Let $I=\int\sqrt{cosec^2{x}-2}dx$ become a rational function by making $cosec^2{x}-2$ the numerator. this is what i am saying
\begin{equation*}
\int\frac{cosec^2{x}-2}{\sqrt{cosec^2{x}-2}}dx
\end{equation*} this is still the same as $I=\int\sqrt{cosec^2{x}-2}dx$, now we split the newly formed rational function.
\begin{align*}
&\int\frac{cosec^2{x}-2}{\sqrt{cosec^2{x}-2}}dx=\int\frac{cosec^2{x}}{\sqrt{cosec^2{x}-2}}dx-2\int\frac{1}{\sqrt{cosec^2{x}-2}}....(3)\\
&\text{and this allows us to put}\ I=I_1-2I_2...........(4),\text{we first integrate} I_1\\
&I_1=\int\frac{cosec^2{x}}{\sqrt{cosec^2{x}-2}}dx\\
&\text{remember}\ cosec^2{x}=1+\cot^2{x}\\
&\int\frac{cosec^2{x}}{\sqrt{cosec^2{x}-2}}dx=\int\frac{cosec^2{x}}{\sqrt{1+\cot^2{x}-2}}dx\\
&=\int\frac{cosec^2{x}}{\sqrt{cot^2{x}-1}}dx.........(5)\\
&\text{put}\ \cot{x}=t\ \text{and differentiate both sides then substitute dx and}\ cosec^2{x}\ \text{into eqn(5)}\\
&-cosec^2{x}dx=dt\\
&=-\int\frac{dt}{\sqrt{t^2-1}},\text{now use special integration to integrate it}\\
&=-\log|t+\sqrt{t^2-1}|+c_1\\
&I_1=-\log|\cot{x}+\sqrt{\cot^2{x}-1}|+c_1
\end{align*}
and thats the solution to the first part $I_1$.

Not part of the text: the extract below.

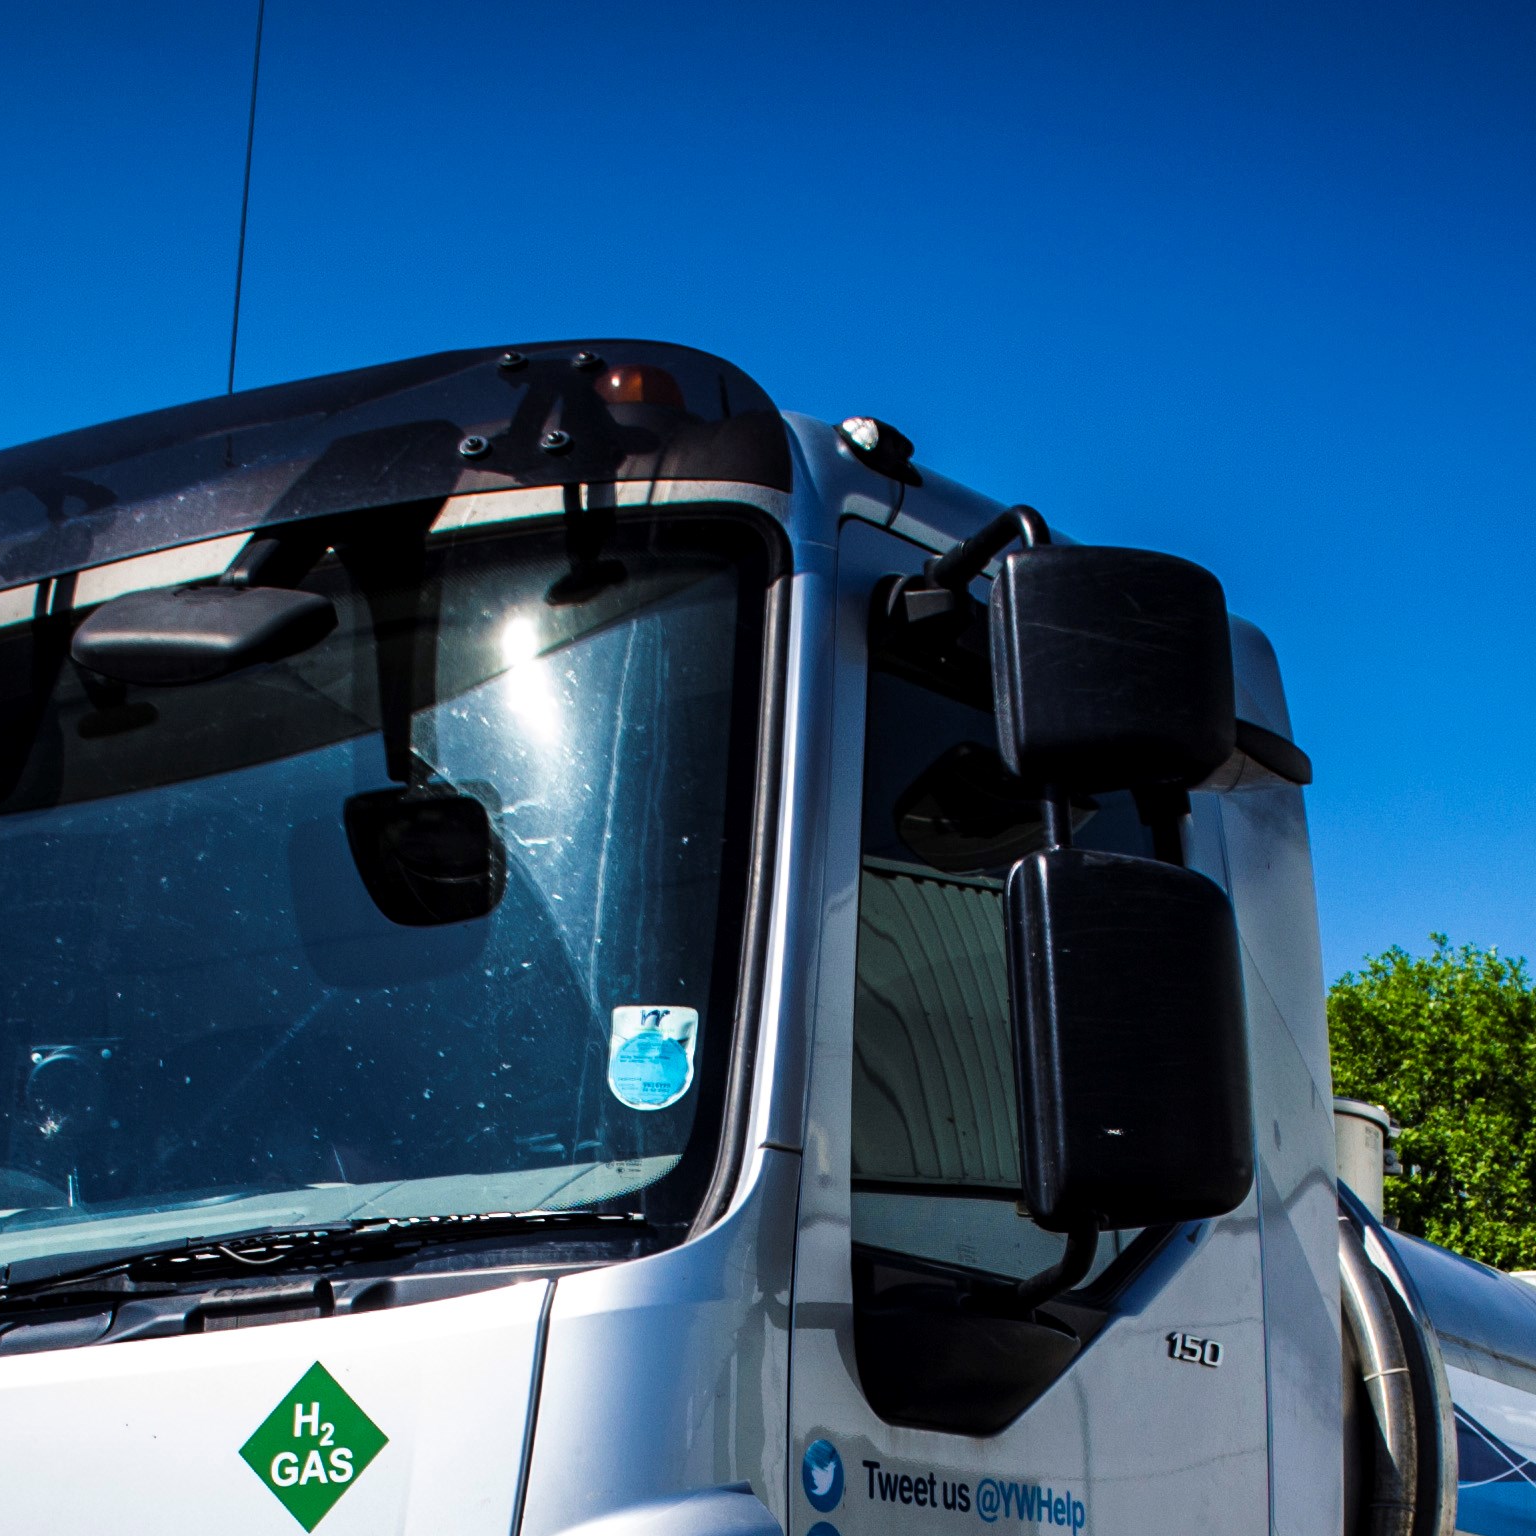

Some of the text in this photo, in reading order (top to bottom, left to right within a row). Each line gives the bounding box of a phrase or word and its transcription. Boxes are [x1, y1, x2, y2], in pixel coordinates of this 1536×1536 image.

[1166, 1332, 1224, 1367] 150
[271, 1447, 354, 1487] GAS
[862, 1460, 1086, 1536] Tweet us @YWHelp

Now we proceed to $I_2=\int\frac{dx}{\sqrt{cosec^2{x}-2}}dx.......(7)$
this is the same as \begin{align*}
&\int\frac{dx}{\sqrt{\frac{1}{\sin^2{x}}-2}}=\int\frac{dx}{\sqrt{\frac{1-2\sin^2{x}}{\sin^2{x}}}}=\int\sqrt{\frac{\sin^2{x}}{\cos{2x}}}dx\\
&=\int\frac{\sin{x}dx}{\sqrt{2\cos^2{x}-1}}..........(8)\\
&\text{let}\ \cos{x}=y\Rightarrow{-\sin}{x}dx=dy,\ \text{substitute into (8)}.\\
&\Rightarrow -\int\frac{dy}{\sqrt{2y^2-1}}=\frac{-1}{\sqrt{2}}\int\frac{dy}{\sqrt{y^2-(\frac{1}{\sqrt{2}})^2}}\\
&\text{Apply special integration}\\
&=\frac{-1}{\sqrt{2}}\log|y+\sqrt{y^2-\frac{1}{2}}|+c_2\\
&=\frac{-1}{\sqrt{2}}\log|\cos{x}+\sqrt{\cos^2{x}-\frac{1}{2}}|+c_2.............(9)\\
\end{align*}
Hence that concludes $I_2$.
Now $I=I_1-2I_2$ can be written as
\begin{equation*}
\therefore I=-\log|\cot{x}+\sqrt{\cot^2{x}-1}|+\sqrt{2}\log|\cos{x}+\sqrt{\cos^2{x}-\frac{1}{2}}|+c
\end{equation*}
remember that $c=c_1-2c_2$....
done!!!